**What you need to do**
Write the records out again exactly, but without pictures.

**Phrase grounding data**

# # # # #

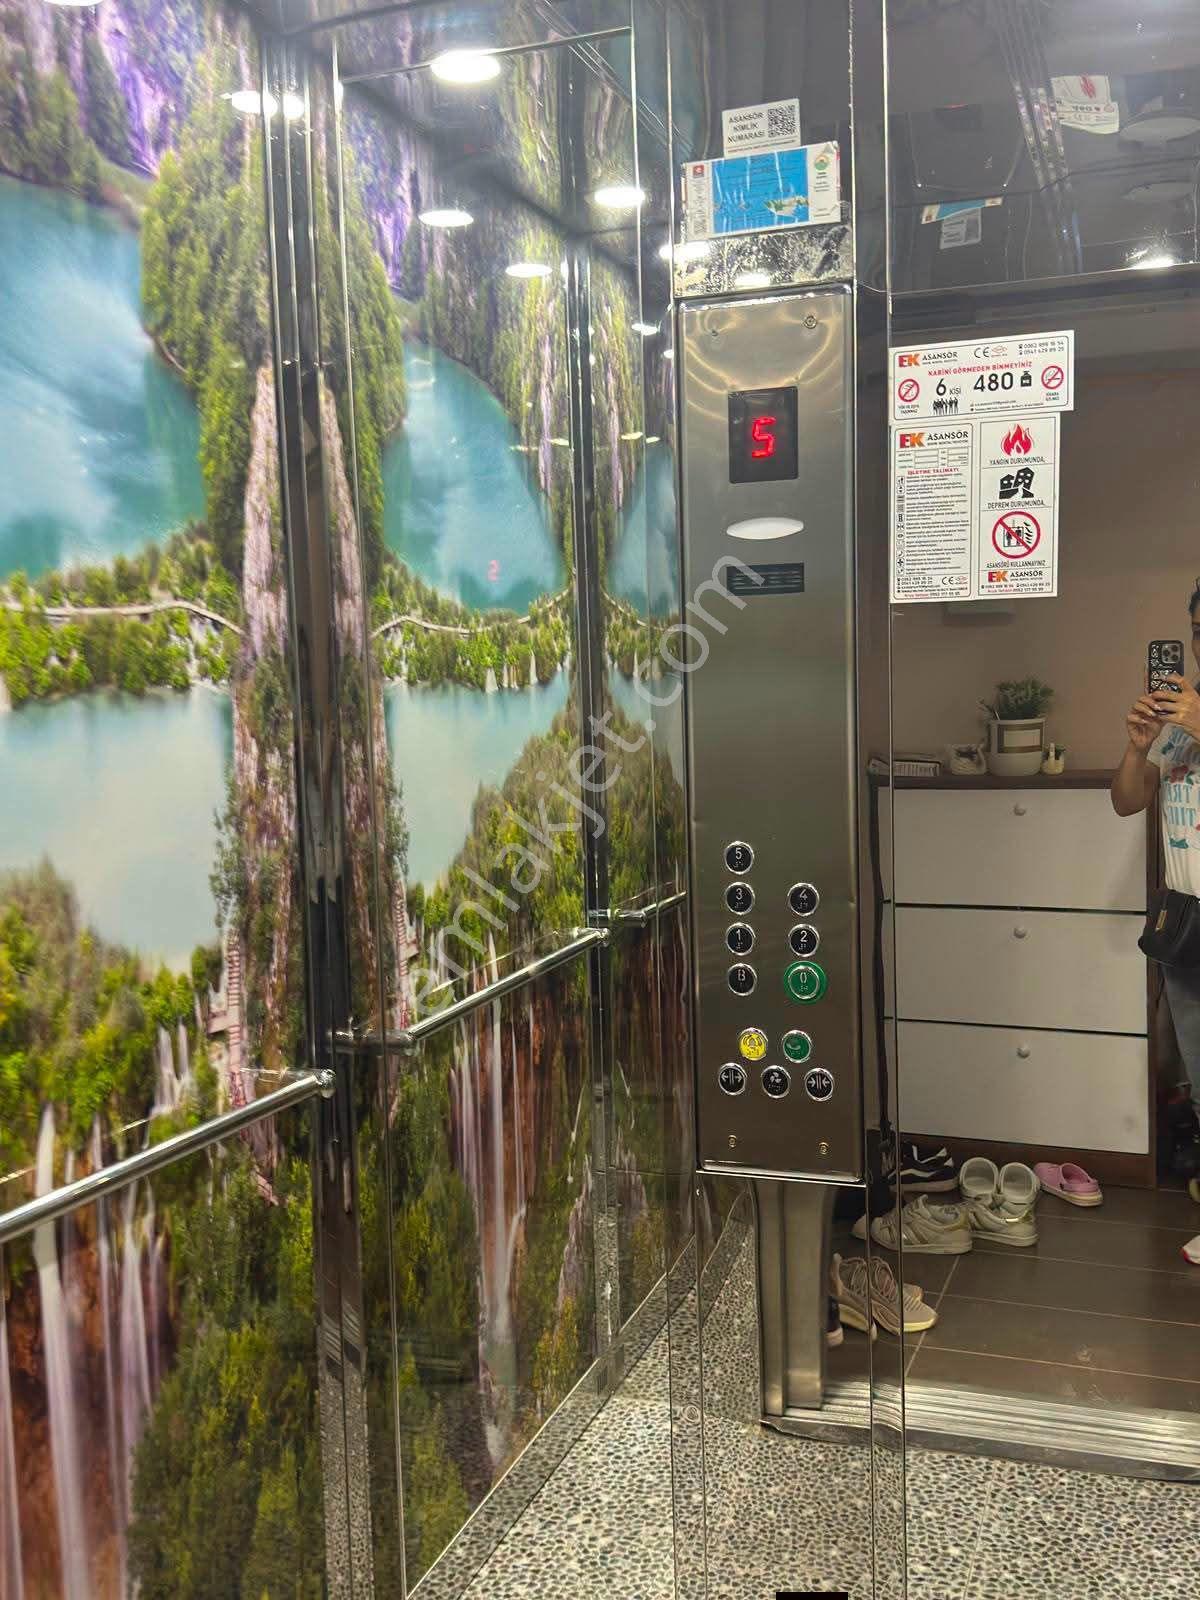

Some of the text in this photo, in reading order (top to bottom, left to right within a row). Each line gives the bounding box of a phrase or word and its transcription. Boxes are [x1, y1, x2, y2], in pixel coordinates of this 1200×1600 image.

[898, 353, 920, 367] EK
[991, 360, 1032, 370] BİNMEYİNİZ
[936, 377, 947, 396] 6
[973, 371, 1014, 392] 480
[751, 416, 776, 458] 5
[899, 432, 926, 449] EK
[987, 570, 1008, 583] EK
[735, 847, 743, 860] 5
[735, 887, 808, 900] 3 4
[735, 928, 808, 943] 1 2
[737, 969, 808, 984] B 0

# # # # #

**Written response**
Some of the text in this photo, in reading order (top to bottom, left to right within a row). Each line gives the bounding box of a phrase or word and its transcription. Boxes are [x1, y1, x2, y2], in pixel coordinates of this 1200×1600 image.

[898, 353, 920, 367] EK
[991, 360, 1032, 370] BİNMEYİNİZ
[936, 377, 947, 396] 6
[973, 371, 1014, 392] 480
[751, 416, 776, 458] 5
[899, 432, 926, 449] EK
[987, 570, 1008, 583] EK
[735, 847, 743, 860] 5
[735, 887, 808, 900] 3 4
[735, 928, 808, 943] 1 2
[737, 969, 808, 984] B 0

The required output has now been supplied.